Validation of Sickle Cell Disease Severity Score in a Cohort of Hemoglobin SC Disease Patients

Introduction: Hemoglobin SC (HbSC) disease is a variant of sickle cell disease (SCD), with a distinct clinical profile from the more common homozygous sickle cell anemia (HbSS) (Nagel RL, et al. 2003). As part of an ongoing study seeking to correlate genome-wide-association data with a clinical phenotypic profile of HbSC; the study attempts to validate the "Sickle Cell Disease Severity Score (SSS) calculator" (Sebastiani et al. 2007) in a longitudinal cohort of HbSC disease patients.

Methods: The entire cohort of adult (≥18 years of age) HbSC disease patients enrolled within the ongoing cross-sectional phenotype-genotype correlation study were assessed and scored according to the SSS calculator. Utilizing the Sickle Cell Disease Severity Scores generated from patient data, the study assessed the ability for the calculator to predict patient mortality and morbidity within the cohort. All associated morbidities were defined in accordance to the Cooperative Study of Sickle Cell Disease (CSSSD).

Results: A total of 111 adult HbSC disease patients were enrolled. Of the 23 patients with intermediate or high SSS, only 1 died within the study period. A high SSS did not correlate with the presence of SCD clinical outcomes (retinopathy, chronic renal failure, leg ulcers, hearing disorders, cholecystectomy, splenomegaly, splenectomy status, splenic sequestration crisis, osteonecrosis, acute chest syndrome, priapism, painful vaso-occlusive crisis, proteinuria and serum ferritin), when univariate analyses were conducted. In contrast, the study identified association between SSS and cerebral vascular accident (CVA; composite of overt stroke, hemorrhage or silent cerebral infarct) (OR 1.935 for every 0.25 increase in SSS, P = 0.016), as well as tricuspid regurgitant jet velocity (TRJV) > 2.5 m/s (OR 1.944 for every 0.25 increase in SSS, P = 0.022). Elevated TRJV was further analysed after correcting for patient-related factors (weight, hydroxyurea use, regular therapeutic phlebotomy, hemoglobin, hematocrit, red blood cell count, and platelet count) and remained correlative. In addition, SSS was associated with creatinine clearance by a quadratic function (R² = 16.4%, P = 0.008); which may be indicative of the natural history of declining renal function in HbSC disease patients. SSS was not independently predictive of either the presence or number of SCD morbidities (proteinuria, retinopathy, splenic complications, leg ulcers, cholecystectomy, and hearing disorder) in the cohort after adjusting for patient-related factors.

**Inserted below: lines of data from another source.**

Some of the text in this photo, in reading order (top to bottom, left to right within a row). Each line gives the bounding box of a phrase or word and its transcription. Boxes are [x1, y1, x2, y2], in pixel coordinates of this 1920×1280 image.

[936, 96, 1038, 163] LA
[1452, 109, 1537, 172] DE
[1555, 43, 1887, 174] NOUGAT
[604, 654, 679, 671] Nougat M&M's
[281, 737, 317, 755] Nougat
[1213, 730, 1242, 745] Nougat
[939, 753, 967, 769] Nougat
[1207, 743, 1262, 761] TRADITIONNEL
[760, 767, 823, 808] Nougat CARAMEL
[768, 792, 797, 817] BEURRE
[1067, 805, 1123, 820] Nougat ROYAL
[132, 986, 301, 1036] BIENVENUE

Conclusion: Despite having been derived from a SCD population that was 26% HbSC, the study was unable to validate the SSS within the cohort of HbSC patients. This may reflect the differences in patient population and/or therapeutic intervention between this cohort and the CSSCD cohort used in the construction of the SSS calculator. While SSS was found to correlate with 3 discrete markers of disease morbidity (TRJV, CVA, creatinine clearance), it appears that a new scoring system is required to accurately predict clinical mortality and morbidity in contemporary cohorts of adult HbSC disease patients.